Lincoln used his second inaugural speech to identify the social and economic source of the tragedy that had befallen the American people. Without equivocation or obfuscation, he indicted the slave system as the cause of the Civil War. Lincoln’s speech identified and denounced the class oppression that was responsible for so much suffering. The power of Lincoln’s magnificent speech—a masterpiece of world literature—lay in its fusion of unflinching political honesty and democratic idealism.
Lincoln spoke as the leader of a rising democratic and progressive capitalist society. One hundred and fifty years later, Obama speaks as the representative of an economically decadent and politically reactionary social system. He does not dare say a single word that might attribute to capitalism any responsibility for widespread social misery.

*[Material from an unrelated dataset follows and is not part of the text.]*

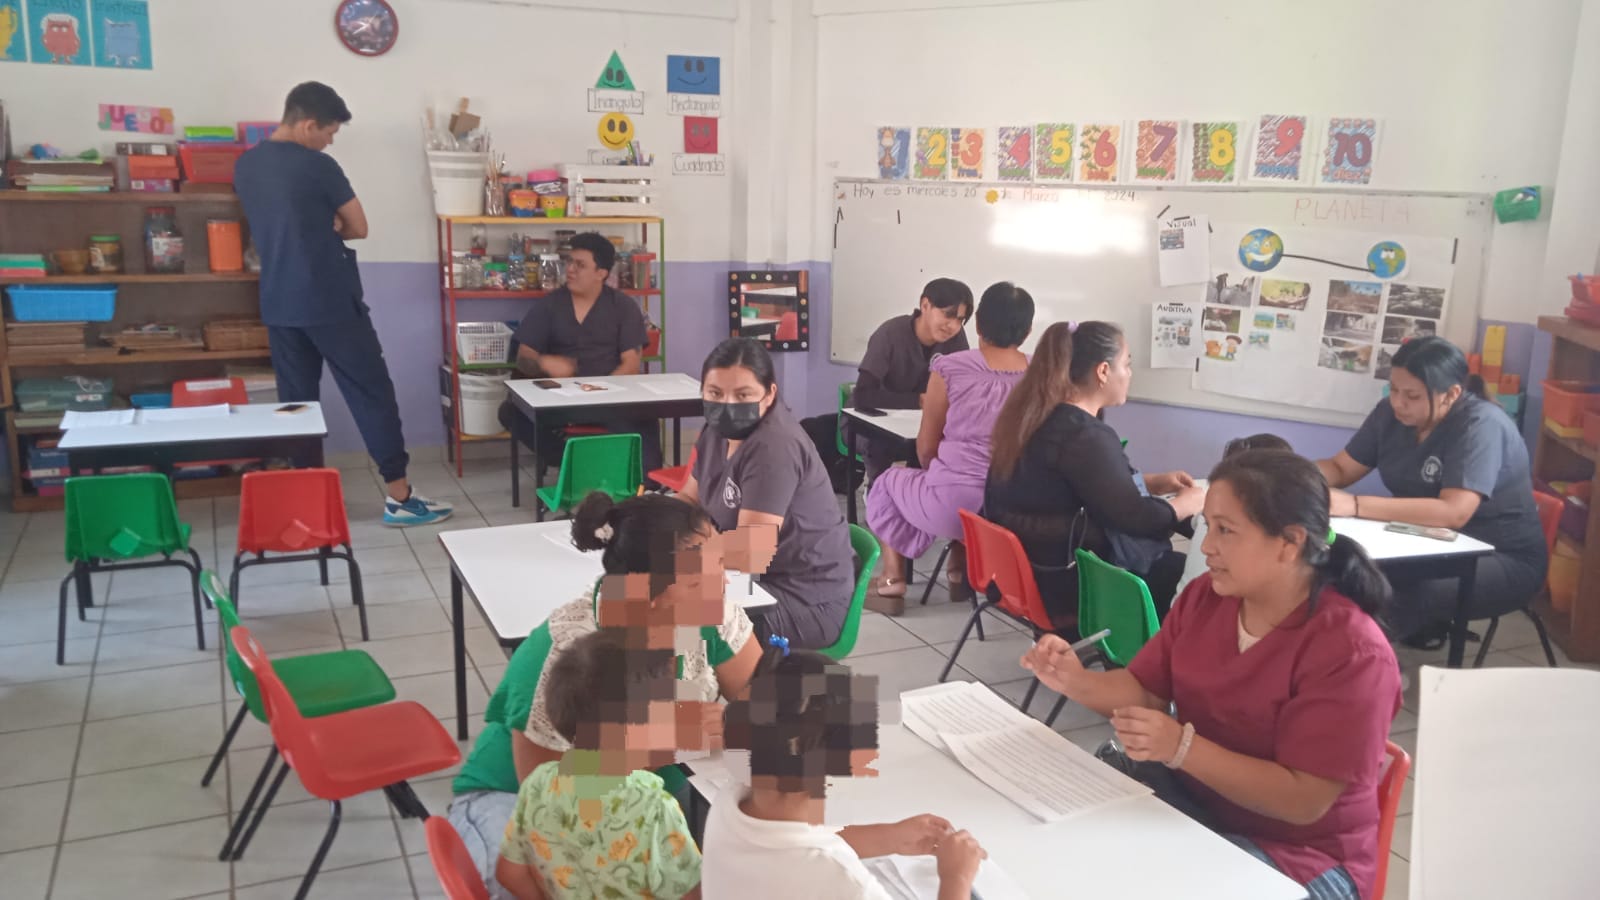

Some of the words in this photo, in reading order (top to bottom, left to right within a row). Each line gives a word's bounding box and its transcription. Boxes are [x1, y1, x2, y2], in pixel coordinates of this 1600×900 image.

Unable to identify capitalism as the cause of poverty and war, Obama, of course, cannot identify the dominant form of oppression in modern society—that is, the exploitation of the working class.
Both the ceremony and the speech reflected the completion of a process by which the political preoccupations of the privileged middle-class milieu that has long passed for the “left” in America—in particular, the politics of race, gender and sexual orientation—have been integrated into the official ideology of the ruling class. Ignoring the class divisions in society, Obama’s version of equality was couched almost exclusively in terms of identity politics. There is, in this fraudulent narrative, no exploited working class.
Thus, in accordance with the rules of contemporary capitalist politics, the speech contained not a single reference to class. Nor was there a reference to unemployment.
In Obama’s litany of social struggles that shaped America, he referred to Selma and Stonewall. But there was no reference to the Haymarket martyrs, the IWW, the Flint sit-down strike, the Memorial Day massacre, or any of the great struggles of the working class that wrested, at the cost of workers’ blood, concessions from big business, transforming conditions of life for the great mass of the American people.
The bankrupt conception behind Obama’s speech, that explosive social contradictions can somehow be bridged by means of demagogic evocations of democracy and equality, is itself an expression of the deepening political crisis of American capitalism. It will not take long for the chasm between words and deeds to become all too clear.